Exercise materials

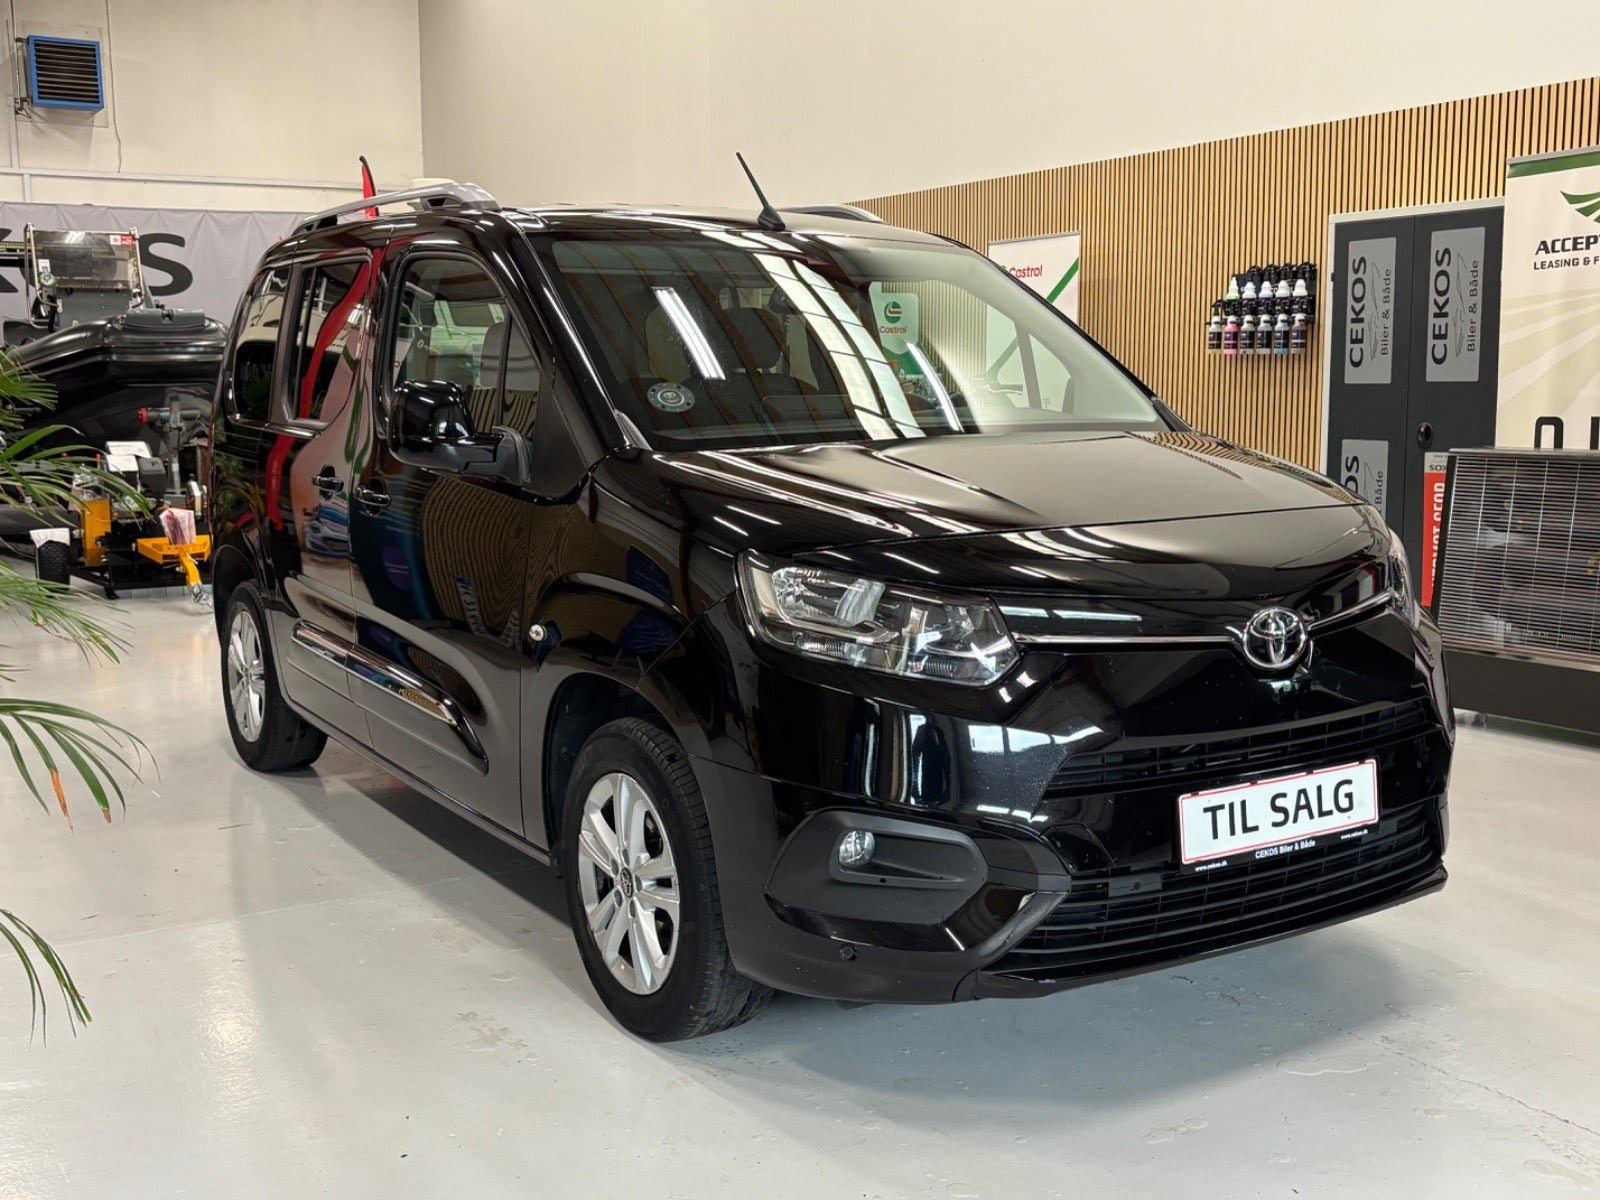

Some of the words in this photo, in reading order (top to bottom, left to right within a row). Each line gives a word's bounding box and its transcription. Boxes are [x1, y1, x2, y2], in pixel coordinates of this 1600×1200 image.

[1534, 233, 1600, 256] ACCEP
[1469, 260, 1479, 297] Både
[1533, 257, 1579, 271] LEASING
[1583, 256, 1592, 266] &
[1382, 268, 1391, 304] Både
[1350, 256, 1367, 368] CEKOS
[1382, 308, 1389, 320] &
[1431, 247, 1452, 365] CEKOS
[1469, 303, 1477, 314] &
[880, 325, 907, 334] Castrol
[1380, 323, 1389, 356] Biler
[1467, 320, 1477, 352] Biler
[1374, 470, 1384, 505] Både
[1203, 799, 1259, 840] TIL
[1270, 779, 1354, 828] SALG
[1255, 847, 1278, 859] CEKOS

Work to complete
Please print the data above in its entirety, exactly, but without any picture.

Reply
Some of the words in this photo, in reading order (top to bottom, left to right within a row). Each line gives a word's bounding box and its transcription. Boxes are [x1, y1, x2, y2], in pixel coordinates of this 1600×1200 image.

[1534, 233, 1600, 256] ACCEP
[1469, 260, 1479, 297] Både
[1533, 257, 1579, 271] LEASING
[1583, 256, 1592, 266] &
[1382, 268, 1391, 304] Både
[1350, 256, 1367, 368] CEKOS
[1382, 308, 1389, 320] &
[1431, 247, 1452, 365] CEKOS
[1469, 303, 1477, 314] &
[880, 325, 907, 334] Castrol
[1380, 323, 1389, 356] Biler
[1467, 320, 1477, 352] Biler
[1374, 470, 1384, 505] Både
[1203, 799, 1259, 840] TIL
[1270, 779, 1354, 828] SALG
[1255, 847, 1278, 859] CEKOS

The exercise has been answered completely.